Biomarkers for acute and chronic graft-versus-host disease in regulatory T cells.

Despite improvements in the prevention and treatment of graft-versus-host disease (GvHD) this allogeneic immune response is still one of major complications following allogeneic stem cell transplantation (SCT). Identification of patients at risk for the development of acute and chronic GvHD would facilitate early intervention and thus improve overall survival. Diagnostic biomarkers identified in plasma are largely associated with T cell immune responses. Whereas donor effector T cells promote allogeneic immune responses, regulatory T cells (Tregs) may prevent GvHD by suppression of these alloreactive donor T cells. Therefore, we analyzed molecules associated with Tregs with respect to their potential predictive and prognostic impact on the development of acute and chronic GvHD. For this purpose, the Treg transcriptomes of patients with and without acute/chronic GvHD resulting from dynamical whole genome profiles of CD4(+)CD25(hi)CD127(lo/-) Tregs have been studied for potential GvHD biomarkers.

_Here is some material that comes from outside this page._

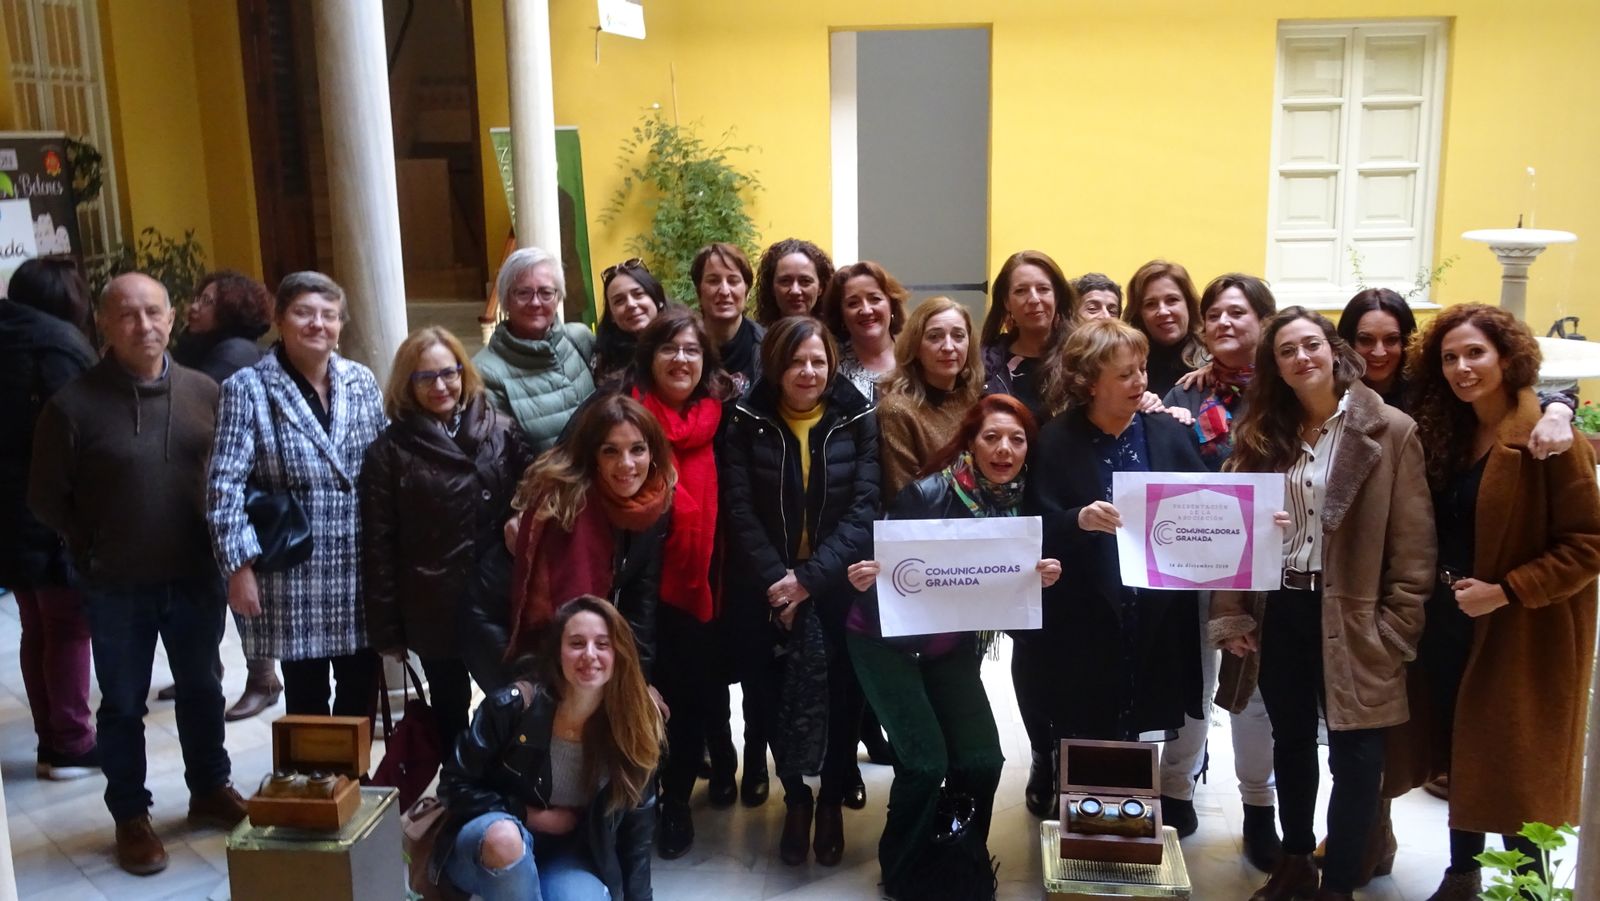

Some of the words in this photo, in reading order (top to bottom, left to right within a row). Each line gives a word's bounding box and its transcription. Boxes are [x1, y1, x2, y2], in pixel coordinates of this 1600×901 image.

[1175, 527, 1240, 535] COMUNICADORAS
[925, 565, 1021, 576] COMUNICADORAS
[925, 577, 980, 588] GRANADA

We could identify potential biomarkers for acute/chronic GvHD like the activation marker phosphatidyl-5-kinase-gamma PIP5Kγ, FAS, CD44, CD69, and cell cycle regulators like cyclin A2, B1 and E2. Most importantly, the IKAROS transcription factor Eos, relevant for suppressive Treg function, might be relevant for the prediction of GvHD development. In addition markers like ANK3 (ankyrin), S100A8 and VCAN are indicative for acute GvHD, while IFIT3, IFI44 and IFIT1 are potential biomarkers for chronic GvHD. The identified markers have to be validated prospectively and might help to monitor and guide preventive immune intervention studies, especially adoptive donor Treg cell transfer.